Novel Approaches in Cardiac Imaging for Non-invasive Assessment of Left Heart Myocardial Fibrosis

Giulia Elena Mandoli  1 Flavio D'Ascenzi  1 Giulia Vinco  2 Giovanni Benfari  2 Fabrizio Ricci  3   4   5 Marta Focardi  1 Luna Cavigli  1 Maria Concetta Pastore  1 Nicolò Sisti  1 Oreste De Vivo  1 Ciro Santoro  6 Sergio Mondillo  1 Matteo Cameli  1
Affiliations
Review

Novel Approaches in Cardiac Imaging for Non-invasive Assessment of Left Heart Myocardial Fibrosis

Giulia Elena Mandoli et al. Front Cardiovasc Med. .

Abstract

In the past, the identification of myocardial fibrosis was only possible through invasive histologic assessment. Although endomyocardial biopsy remains the gold standard, recent advances in cardiac imaging techniques have enabled non-invasive tissue characterization of the myocardium, which has also provided valuable insights into specific disease processes.

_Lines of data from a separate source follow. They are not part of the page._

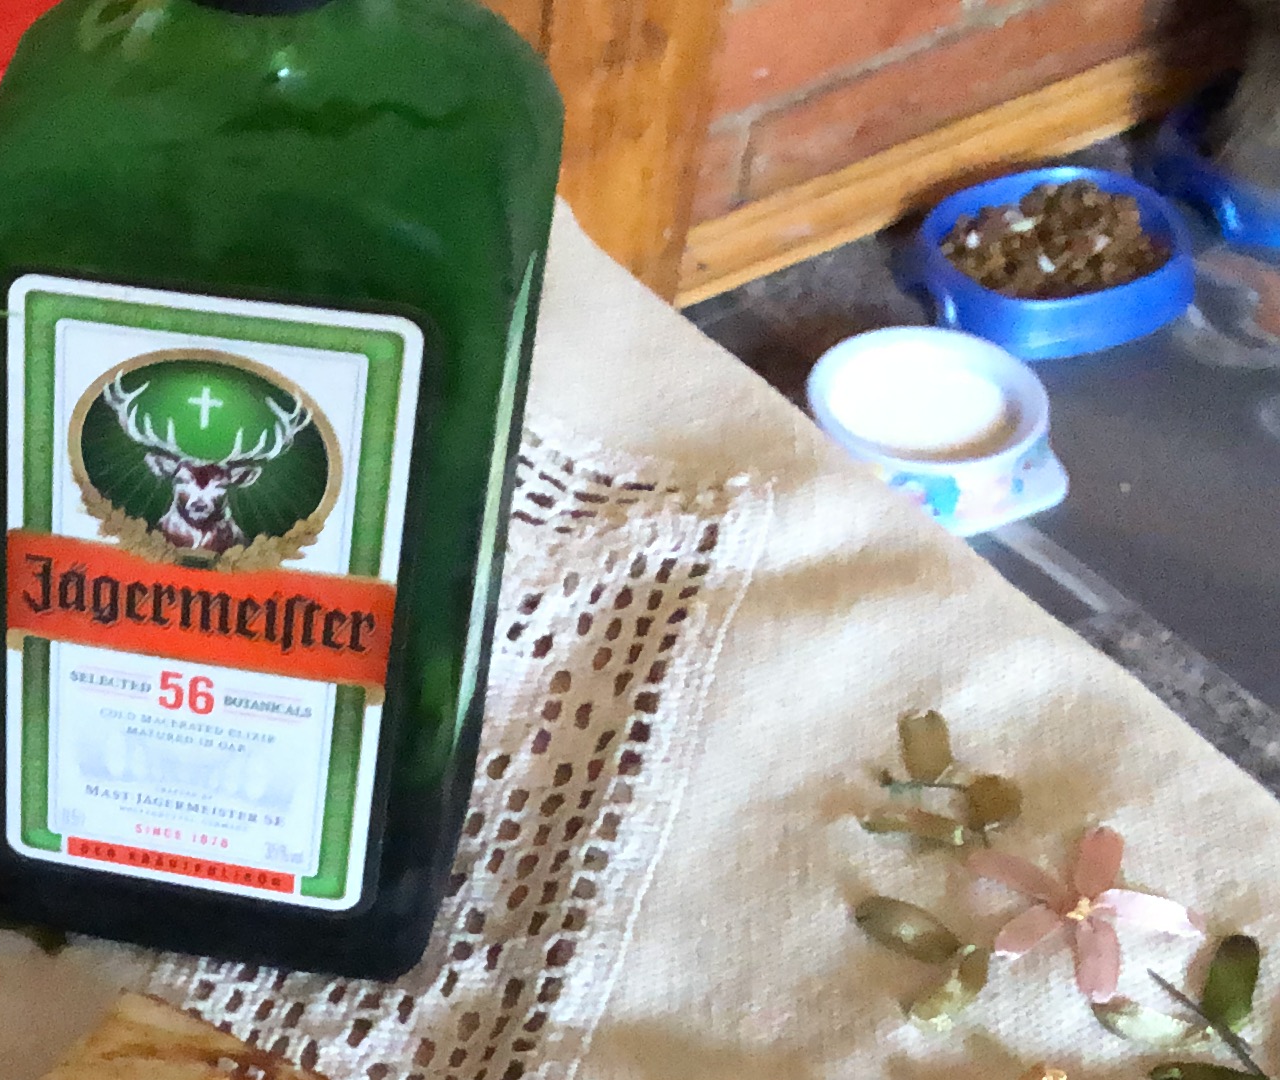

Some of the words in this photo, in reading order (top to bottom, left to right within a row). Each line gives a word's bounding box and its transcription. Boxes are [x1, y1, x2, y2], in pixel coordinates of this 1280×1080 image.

[69, 669, 153, 693] SELECTED
[157, 670, 215, 715] 56
[224, 695, 312, 718] BOTANICALS
[134, 823, 182, 841] SINCE
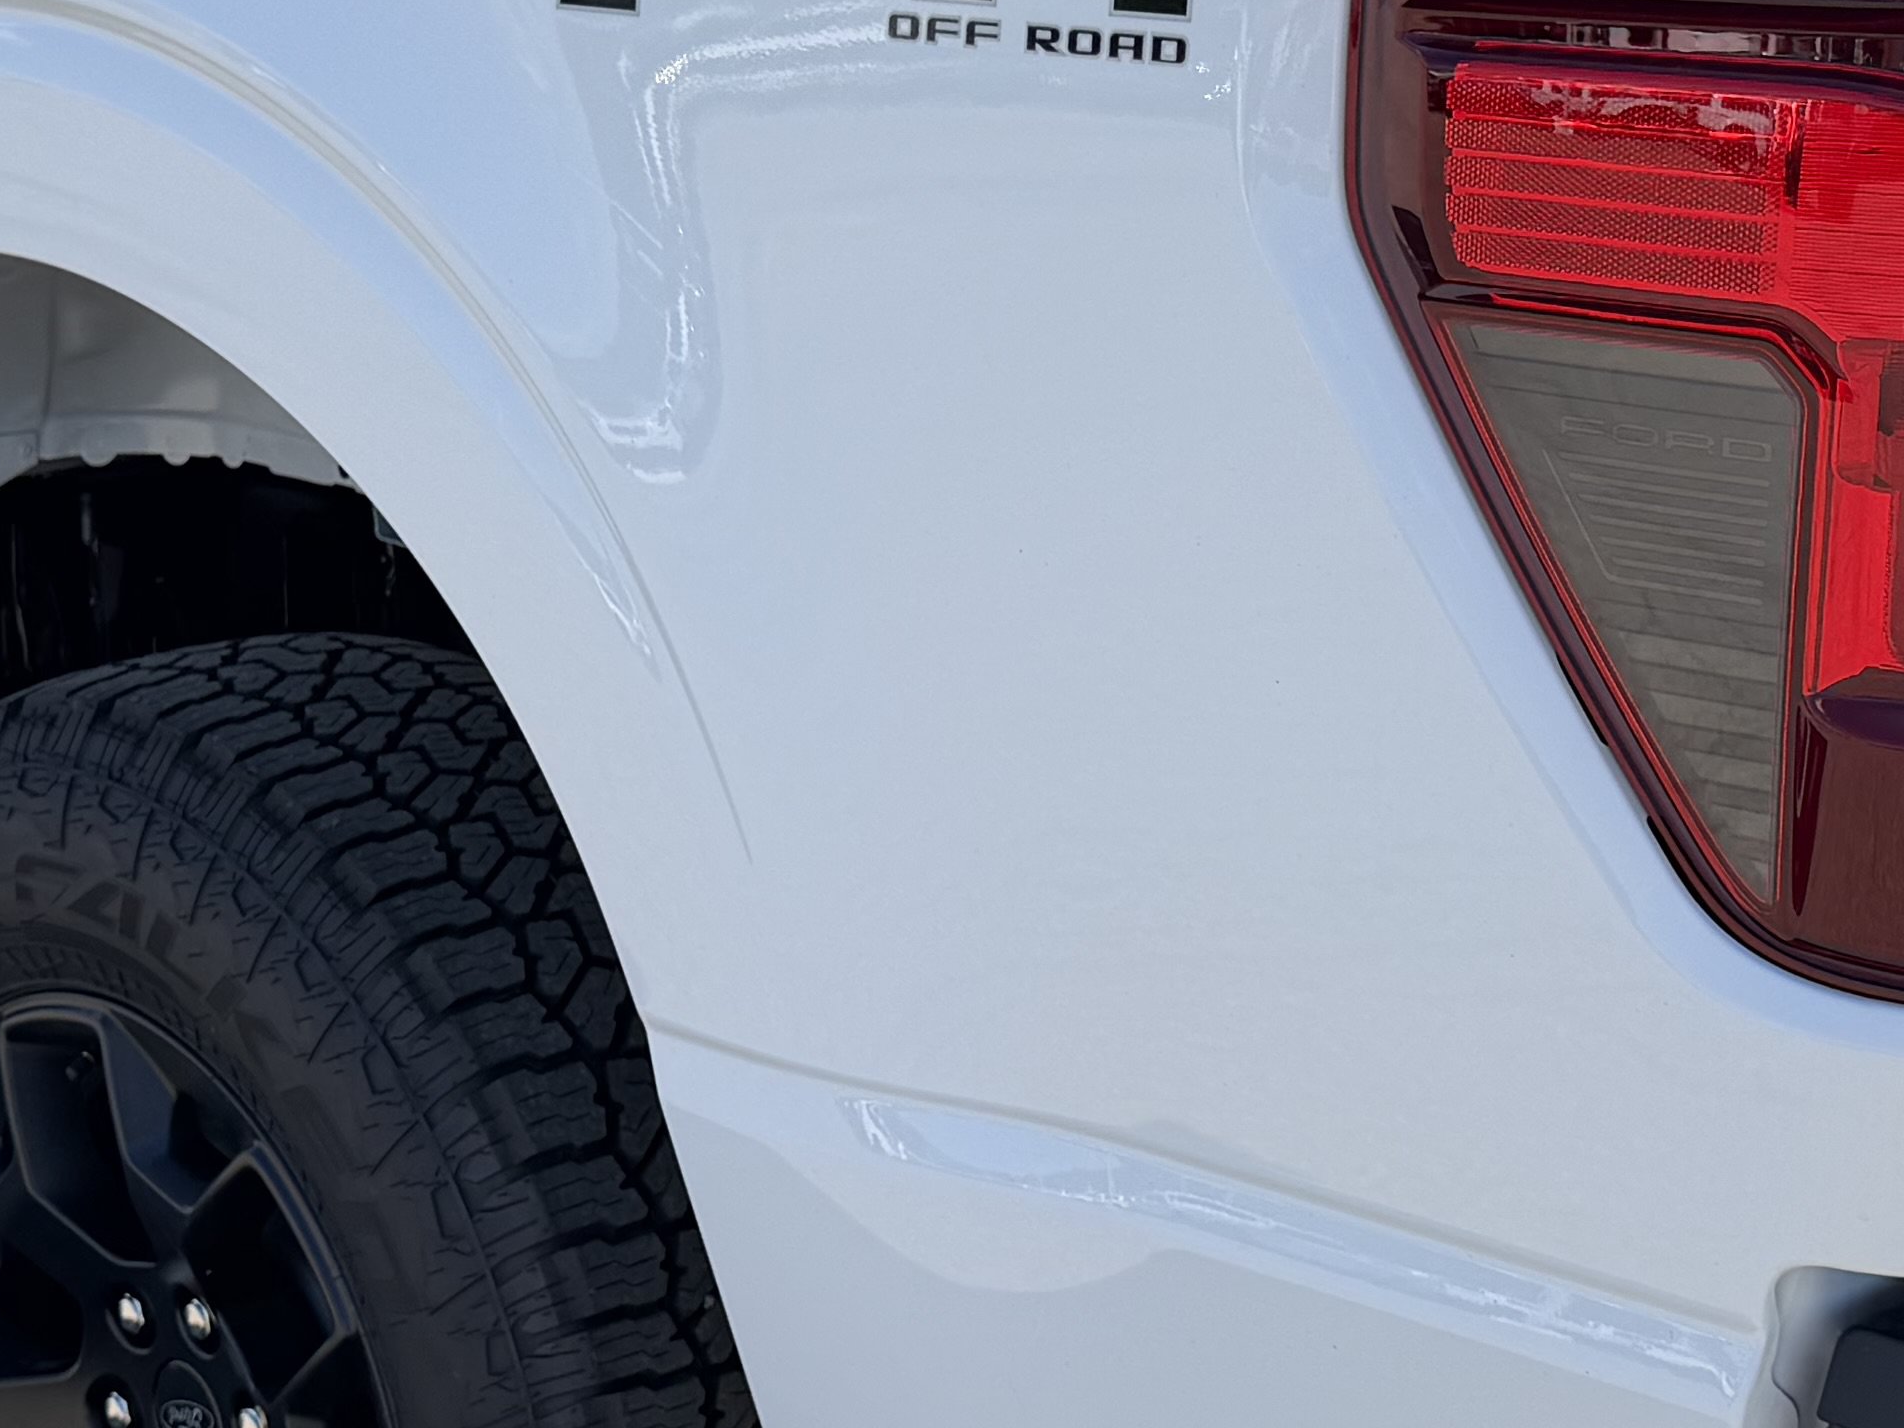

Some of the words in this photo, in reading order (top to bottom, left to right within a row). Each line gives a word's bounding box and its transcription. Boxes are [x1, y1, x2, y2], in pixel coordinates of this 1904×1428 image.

[887, 13, 1000, 49] OFF
[1025, 23, 1189, 65] ROAD
[1562, 417, 1771, 461] FORD
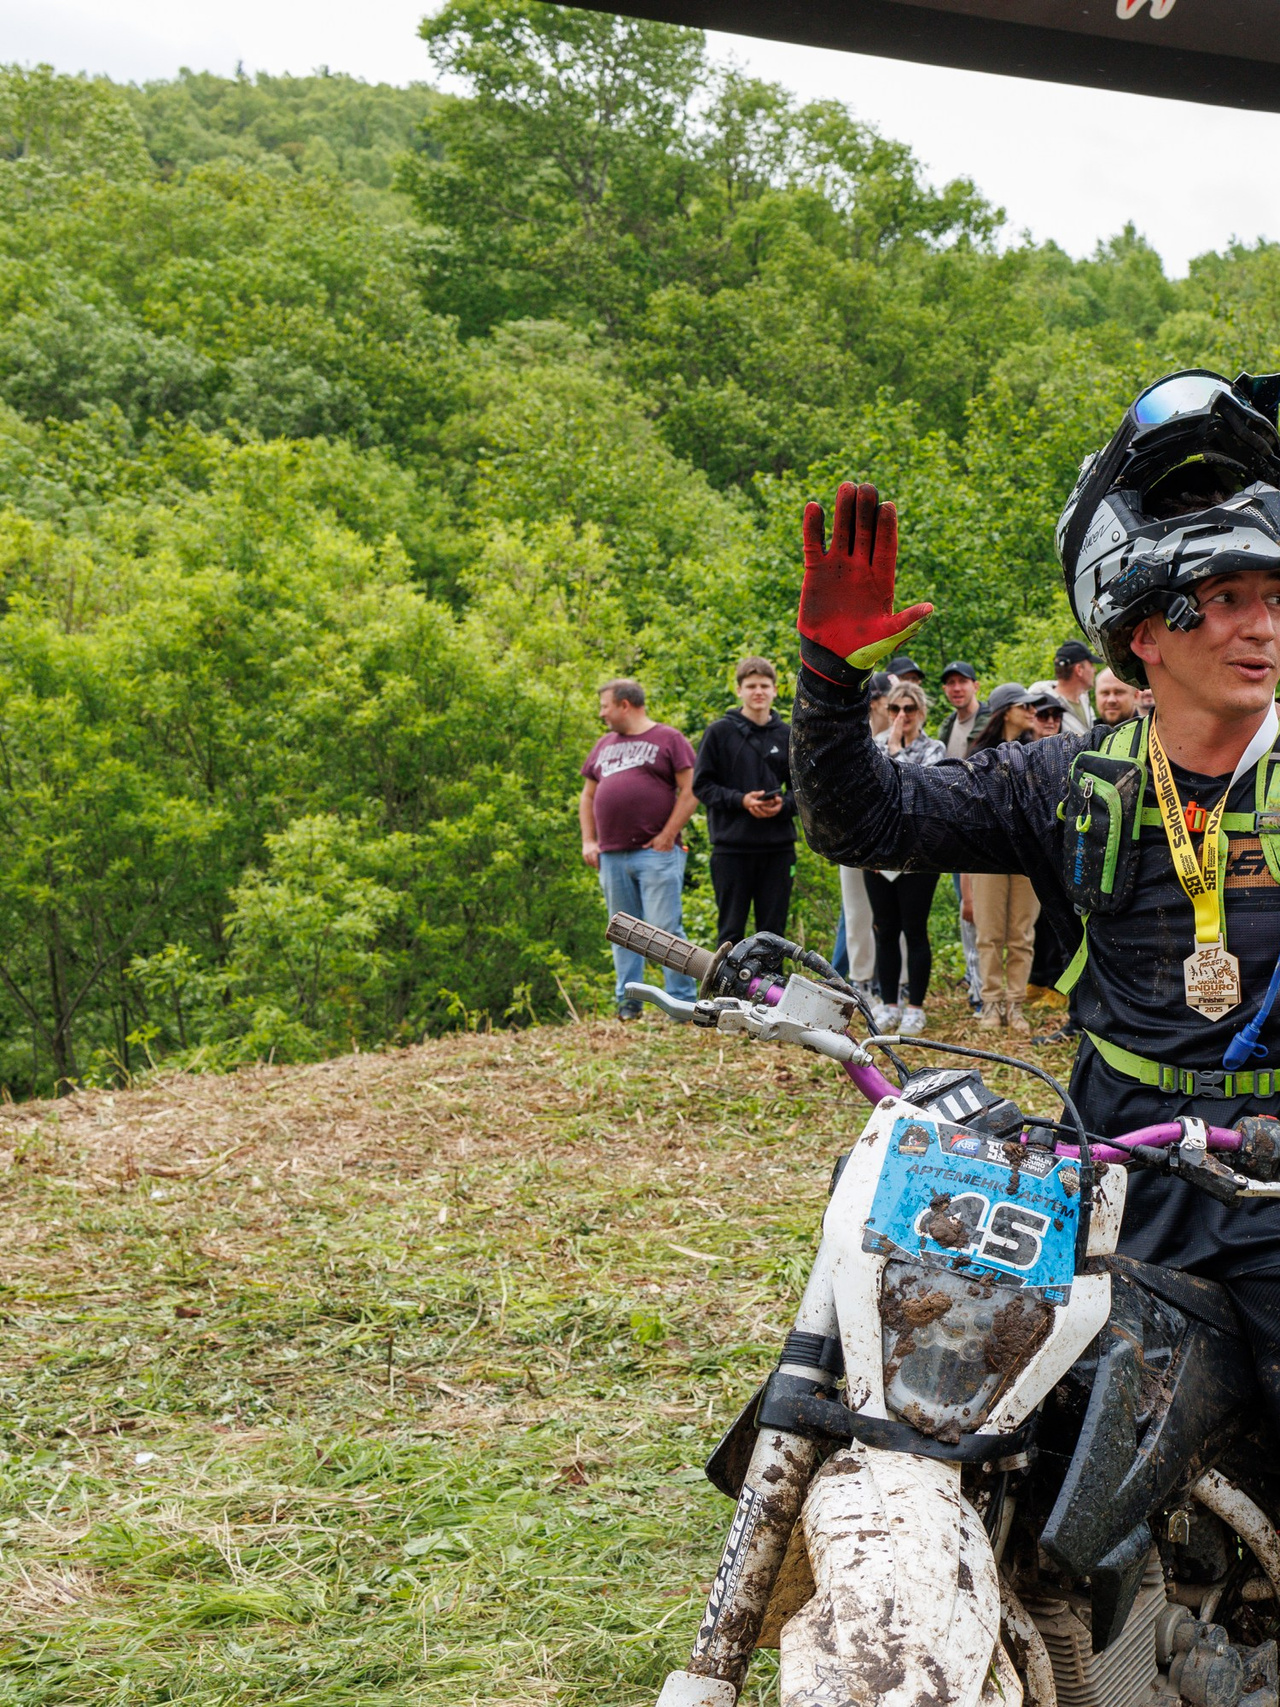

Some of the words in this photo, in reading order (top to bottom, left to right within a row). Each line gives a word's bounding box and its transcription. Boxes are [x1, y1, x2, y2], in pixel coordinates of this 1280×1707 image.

[1197, 947, 1221, 962] SET
[1200, 958, 1223, 968] PROJECT
[1188, 984, 1234, 992] ENDURO
[906, 1164, 1016, 1194] АРТЕМЕНК
[1044, 1288, 1064, 1302] 25
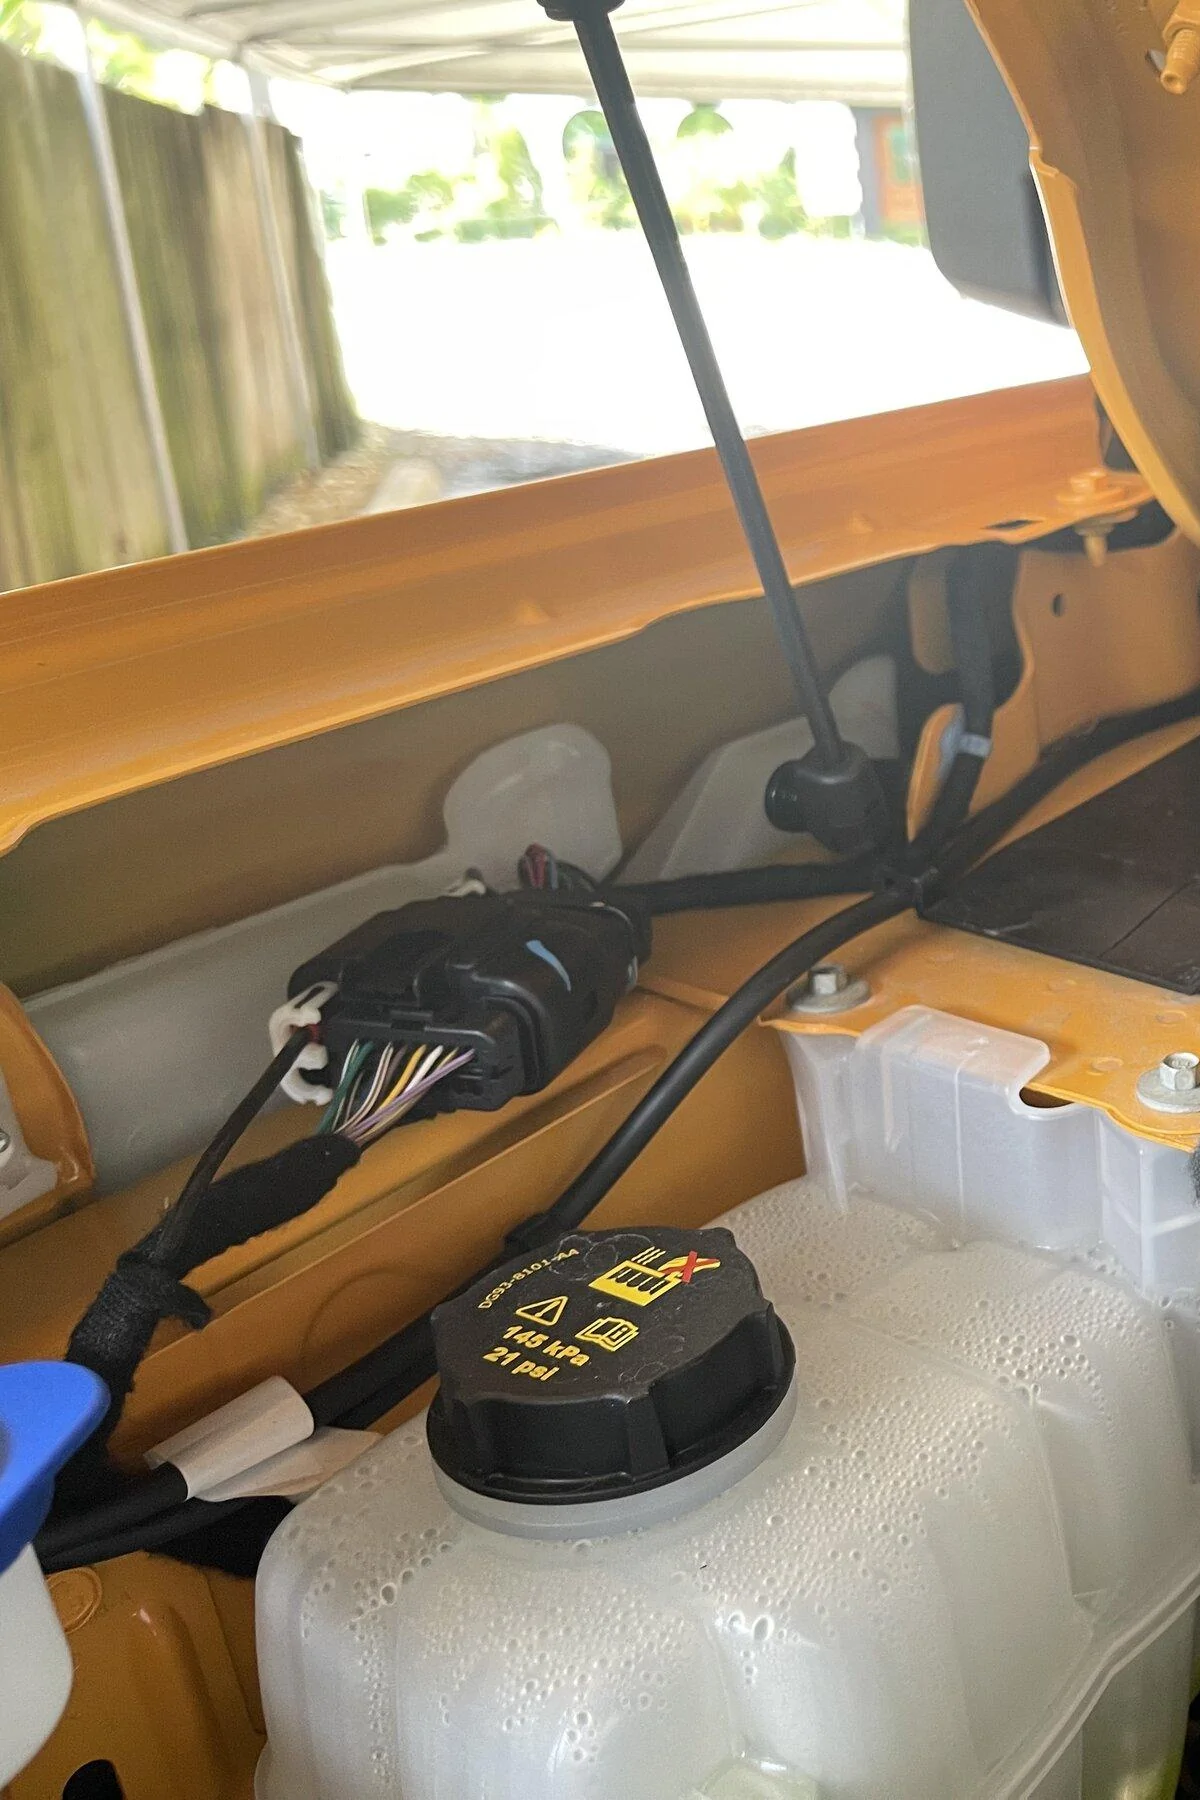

The diagnostic accuracy, incremental yield and prognostic value of speckle tracking echocardiography, late gadolinium enhancement and parametric mapping modules by cardiac magnetic resonance and cardiac computed tomography have been validated against tissue samples and tested in broad patient populations, overall providing relevant clinical information to the cardiologist. This review describes the patterns of left ventricular and left atrial fibrosis, and their characterization by advanced echocardiography, cardiac magnetic resonance and cardiac computed tomography, allowing for clinical applications in sudden cardiac death and management of atrial fibrillation.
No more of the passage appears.